Hari itu Selasa, tepat satu minggu Hanan cuti dari Sunday Morning. Pukul tiga siang pintu kedai membuka dan lonceng berdenting.
"Ini dia maskot kita akhirnya pulang!" Ari berseru dari balik konter begitu melihat siapa yang datang. Evita yang sedang duduk di bangku tinggi konter tersenyum secukupnya di samping Dannisa.

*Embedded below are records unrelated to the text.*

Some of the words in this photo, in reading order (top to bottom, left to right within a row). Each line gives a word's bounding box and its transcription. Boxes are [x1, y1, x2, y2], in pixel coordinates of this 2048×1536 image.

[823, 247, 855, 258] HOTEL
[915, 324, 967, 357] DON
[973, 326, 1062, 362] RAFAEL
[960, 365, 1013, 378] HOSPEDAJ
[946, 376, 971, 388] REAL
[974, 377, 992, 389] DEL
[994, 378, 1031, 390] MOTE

Hanan muncul dalam keadaan sehat walafiat dalam balutan sweater kelabu bertudung. Senyumnya pada Dannisa--dan hanya pada Dannisa--lebar dan ceria, wajahnya berseri-seri, sorot matanya bersemangat. Tidak ada bekas sakit yang menyiksanya berhari-hari. Hanan tampak sesegar sebelumnya, dengan 'batere' ekstra malah. Itu terlihat dari langkahnya yang sedikit melonjak-lonjak seperti kelinci.

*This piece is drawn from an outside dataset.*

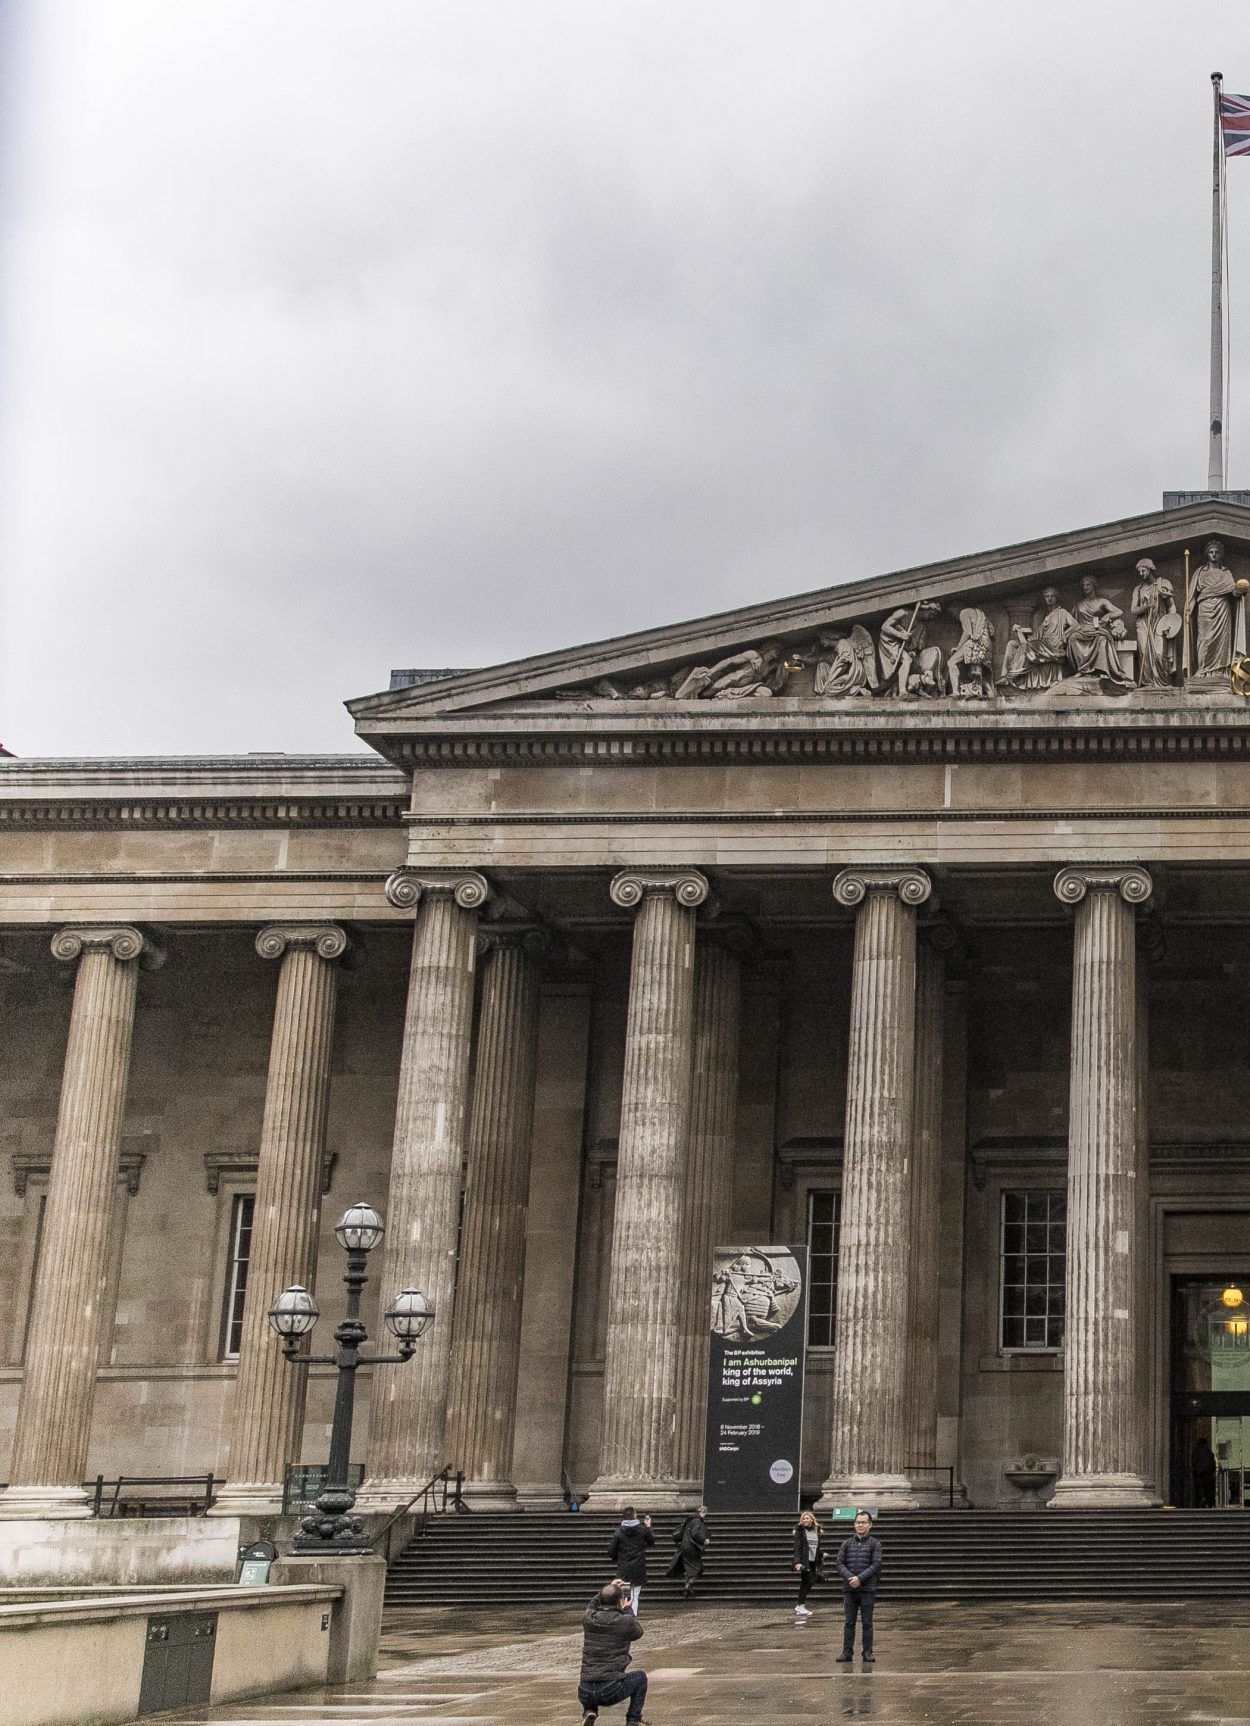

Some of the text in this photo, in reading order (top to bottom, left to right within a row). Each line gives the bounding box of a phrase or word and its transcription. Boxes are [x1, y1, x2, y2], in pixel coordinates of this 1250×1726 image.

[744, 1358, 798, 1367] Ashurbanipal
[722, 1366, 794, 1377] king of the world,
[722, 1377, 782, 1386] king of Assyria

"'Kay, guys, attention, please," Dannisa mengetuk-ketuk permukaan kayu konter, meminta perhatian Ari dan Evita yang melayang dari laptop yang diletakkan di antara gelas dan cangkir mereka.
"Sebentar, gue mau mastiin dulu gue salah liat atau nggak," Ari mengulurkan lehernya tinggi-tinggi, mengikuti langkah Hanan sampai menghilang ke dapur.
"Copy yang ini masih bisa gue rewrite tapi kalo kalian udah oke begini aja gue bakal langsung post besok pagi," Dannisa menunjuk beberapa baris kalimat sebuah dokumen di monitor laptop-nya, "terus minggu depan, hmm, Senin atau Rabu, Cleo pengen feature kita untuk segmen travel di Youtube channel mereka. Mungkin mereka akan kasih kabar via telepon kira-kira lusa. Lo, Ari yang--"
"Dia beneran abis sakit?" Evita memotong.
"Atau dia izin sakit buat ganti batere gitu? Baterenya diganti sama, gatau deh, mesin diesel? Dan?"
"Kenapa tanya gue?"
"Kalian nggak ada DM-an, WA, atau apa gitu selama dia sakit?" Ari bertanya lagi.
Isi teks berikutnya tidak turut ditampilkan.